King of the World is the final album by French disco act Sheila and B. Devotion, released on June 27, 1980. The album which was both written and produced by Bernard Edwards and Nile Rodgers of American R&B band Chic includes the hit "Spacer" which reached No. 18 on the UK charts in early 1980 and was a Top 10 hit in most of Europe, selling more than 5 million copies worldwide. The album displays some elements unusual in Chic productions, such as prominent guitar solos in place of the breakdowns that were normally a staple part of the Chic sound, and some unusual lyrical subject matter, such as the sci-fi themed "Spacer" and a humorous song about credit cards.

==Background==
King of the World was one of four albums to be written and produced by Edwards and Rodgers in 1980, the other three being Sister Sledge's Love Somebody Today, Chic's fourth studio album Real People and Diana Ross' multiplatinum selling Diana.

King of the World was first released on compact disc in 1996 by both East-West Music and Rhino Records.
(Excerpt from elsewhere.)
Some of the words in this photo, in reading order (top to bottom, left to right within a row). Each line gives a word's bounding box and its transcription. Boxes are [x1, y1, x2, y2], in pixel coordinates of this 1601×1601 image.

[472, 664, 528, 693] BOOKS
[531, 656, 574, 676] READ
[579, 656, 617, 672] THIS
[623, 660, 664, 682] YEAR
A remastered edition was issued by Warner Music France in 2006 including bonus tracks which are remixes dating from 1992 and the unreleased US promo version of "Your Love Is Good," whose instrumental can also be found on an outtake from Chic's 2010 box set "The Chic Organization" (there was also an alternate version that featured a piano break in place of the Chic guitar riffs). The latter also had been rerecorded by Sheila on numerous occasions.
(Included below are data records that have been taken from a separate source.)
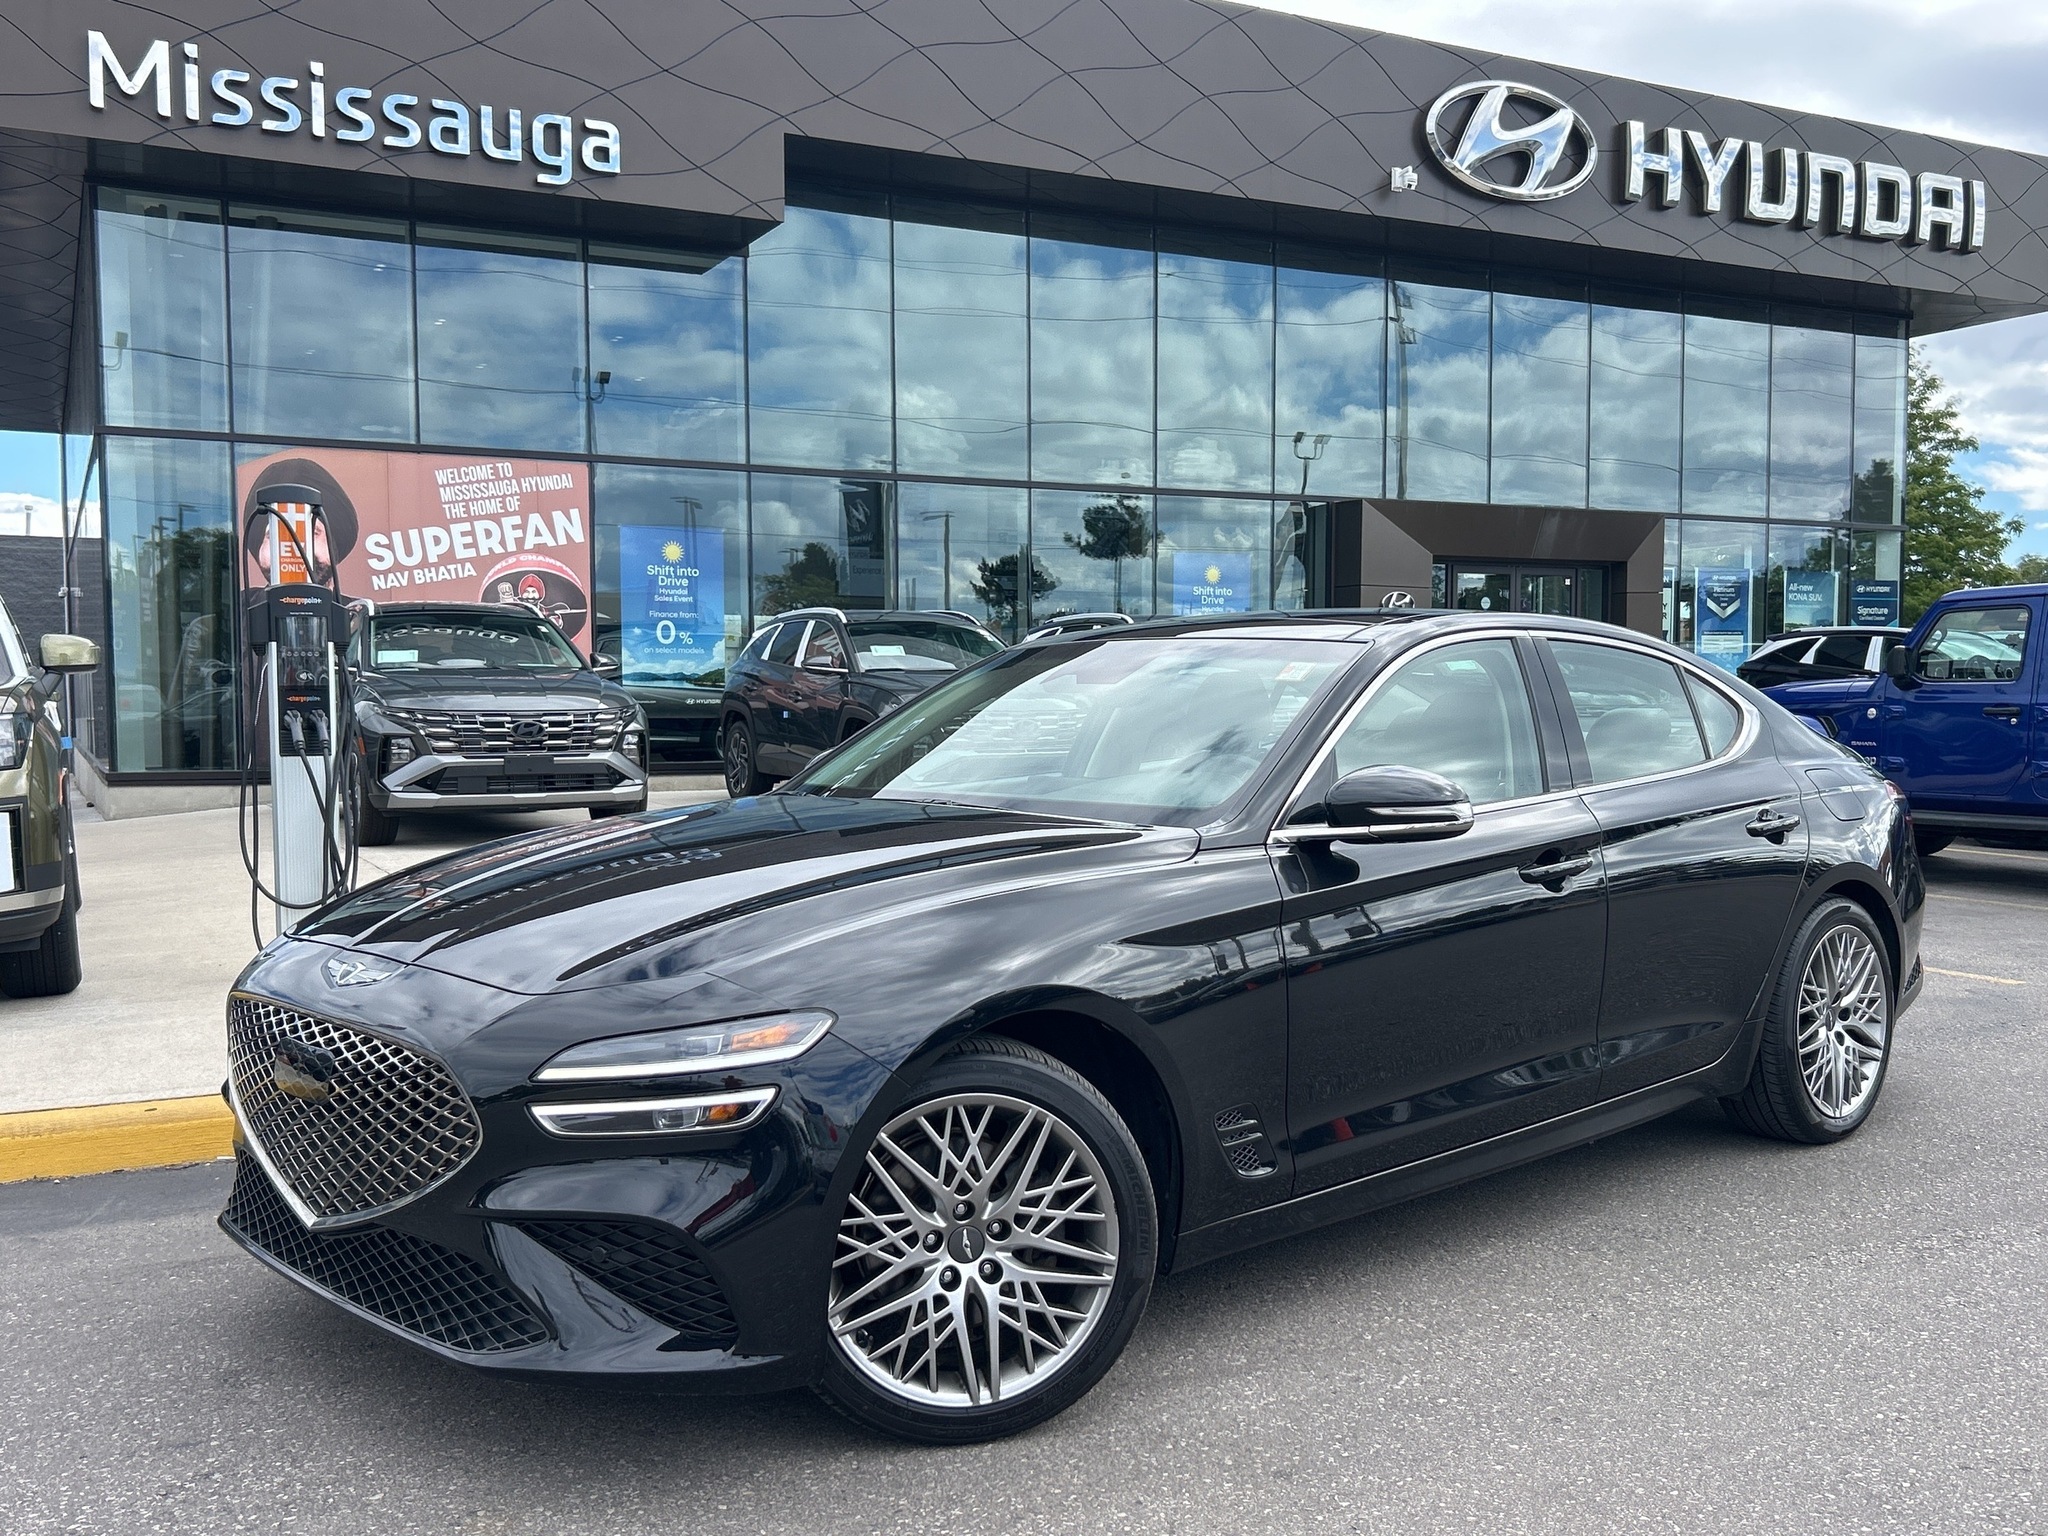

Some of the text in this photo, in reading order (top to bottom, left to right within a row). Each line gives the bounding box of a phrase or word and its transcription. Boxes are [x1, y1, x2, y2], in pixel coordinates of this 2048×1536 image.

[87, 30, 622, 186] Mississauga
[1622, 119, 1985, 253] HYUNDAI
[435, 461, 513, 486] WELCOME TO
[440, 472, 573, 503] MISSISSAUGA HYUNDAI
[443, 496, 521, 519] THE HOME OF
[364, 508, 585, 571] SUPERFAN
[280, 541, 305, 557] EV
[280, 564, 305, 572] ONLY
[647, 565, 699, 577] Shift into
[371, 560, 478, 591] NAV BHATIA
[658, 576, 689, 586] Drive
[1193, 586, 1233, 596] Shift into
[1788, 583, 1814, 591] All-new
[1201, 596, 1224, 604] Drive
[1788, 593, 1822, 602] KONA SUV.
[649, 610, 679, 618] Finance
[1857, 606, 1889, 616] Signature
[656, 619, 694, 645] 0 %
[655, 646, 677, 654] select
[678, 646, 705, 654] models
An 18 CD box-set of all Sheila's recordings was released in 2006 and a new remix of "Spacer" was included. The "Freak Out - Respect to CHIC" remix using the original instrumental and vocal tracks.
Sheila re-recorded "Spacer" only once in 1998 and six remixes were released.
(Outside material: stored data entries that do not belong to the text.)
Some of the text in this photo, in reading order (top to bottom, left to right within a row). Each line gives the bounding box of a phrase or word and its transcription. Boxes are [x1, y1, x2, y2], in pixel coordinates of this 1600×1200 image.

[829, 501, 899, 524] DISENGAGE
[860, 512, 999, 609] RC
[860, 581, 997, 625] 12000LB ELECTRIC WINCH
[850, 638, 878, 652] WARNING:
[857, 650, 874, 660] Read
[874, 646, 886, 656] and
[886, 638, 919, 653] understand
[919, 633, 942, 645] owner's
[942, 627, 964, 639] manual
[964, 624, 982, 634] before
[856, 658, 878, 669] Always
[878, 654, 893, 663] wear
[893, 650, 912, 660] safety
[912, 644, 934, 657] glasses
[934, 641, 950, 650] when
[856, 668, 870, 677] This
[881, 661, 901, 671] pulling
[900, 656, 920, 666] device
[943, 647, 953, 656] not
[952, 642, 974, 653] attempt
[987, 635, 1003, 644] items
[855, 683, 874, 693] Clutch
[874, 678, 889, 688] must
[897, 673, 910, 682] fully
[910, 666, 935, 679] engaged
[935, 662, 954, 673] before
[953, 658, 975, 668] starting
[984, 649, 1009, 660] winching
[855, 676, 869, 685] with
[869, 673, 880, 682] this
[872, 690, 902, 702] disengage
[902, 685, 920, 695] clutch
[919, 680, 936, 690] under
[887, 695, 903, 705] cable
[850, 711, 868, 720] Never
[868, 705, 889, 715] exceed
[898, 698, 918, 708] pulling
The original American tapes have been digitally remastered for the first time and released on a deluxe edition in October 2008 by Warner Music France. It includes a 32-page booklet with exclusive interviews of Sheila and Nile Rodgers and unknown out-takes from the recording sessions. In 2013, the two reunited for the first time since the album was released to do a brief acoustic version of "Spacer."

==Track listing==
All tracks written by Bernard Edwards and Nile Rodgers
- Side A
1. "Spacer" - 6:15
2. "Mayday" - 3:44
3. "Charge Plates and Credit Cards" - 4:26
4. "Misery" - 3:02
- Side B
5. "King of the World" - 4:37
6. "Cover Girls" - 3:17
7. "Your Love Is Good" - 4:38
8. "Don't Go" - 4:32
- Bonus tracks 2006 French deluxe edition
9. "Your Love Is Good" (Original US 12" Promo) - 4:50
10. "Spacer" (Lost in Space Mix) - 6:45
11. "Spacer" (Lost in Space Dub Mix) - 6:09
12. "Spacer" (Down to Earth Mix) - 7:29
13. "Spacer" (Remix Radio Edit) - 0:02
14. "Spacer" (DMC Remix) - 1:24
15. "Spacer" (Trevor Is King) - 5:49

==Personnel==
- Sheila – lead vocals
- Alfa Anderson – backing vocals
- Fonzi Thornton – backing vocals
- Luci Martin – backing vocals
- Michelle Cobbs – backing vocals
- Bernard Edwards – bass guitar
- Tony Thompson – drums
- Nile Rodgers – guitar
- Andrew Barrett (Schwartz) – piano
- Raymond Jones – keyboards, Fender Rhodes
- Sammy Figueroa – percussion
- Cheryl Hong (The Chic Strings) – strings
- Karen Milne (The Chic Strings) – strings
- Marianne Carroll (The Chic Strings) – strings
- Gene Orloff – concert master
- Kris Bryant – lights producer, intern

==Production==
- All songs produced by Nile Rodgers and Bernard Edwards for the CHIC Organization Ltd.
- Bob Clearmountain - sound engineer
- Bill Scheniman - engineer
- Larry Alexander - engineer
- Joe Gastwirt - mastering
- John Shaw - photography
- Recorded & mixed at Power Station Studio, New York

=="Spacer"==
The single "Spacer" was ranked at number eight among the top "Tracks of the Year" for 1979 by NME and was sampled more than twenty years later by the team behind Europop act Army of Lovers (including Alexander Bard) for the Swedish group Alcazar. This record by Alcazar was "Crying at the Discotheque" which reached Number 13 in the UK Singles Chart and which was one of three hits by Alcazar in the UK chart to have sampled a production by The Chic Organization. In 2020, Sophie Ellis-Bextor released a cover of "Crying at the Discotheque" as the lead single from her UK Top 10 album Songs from the Kitchen Disco, while Crew 7 & Jaques Raupé released a dance version of "Spacer" on the Kontor Records label.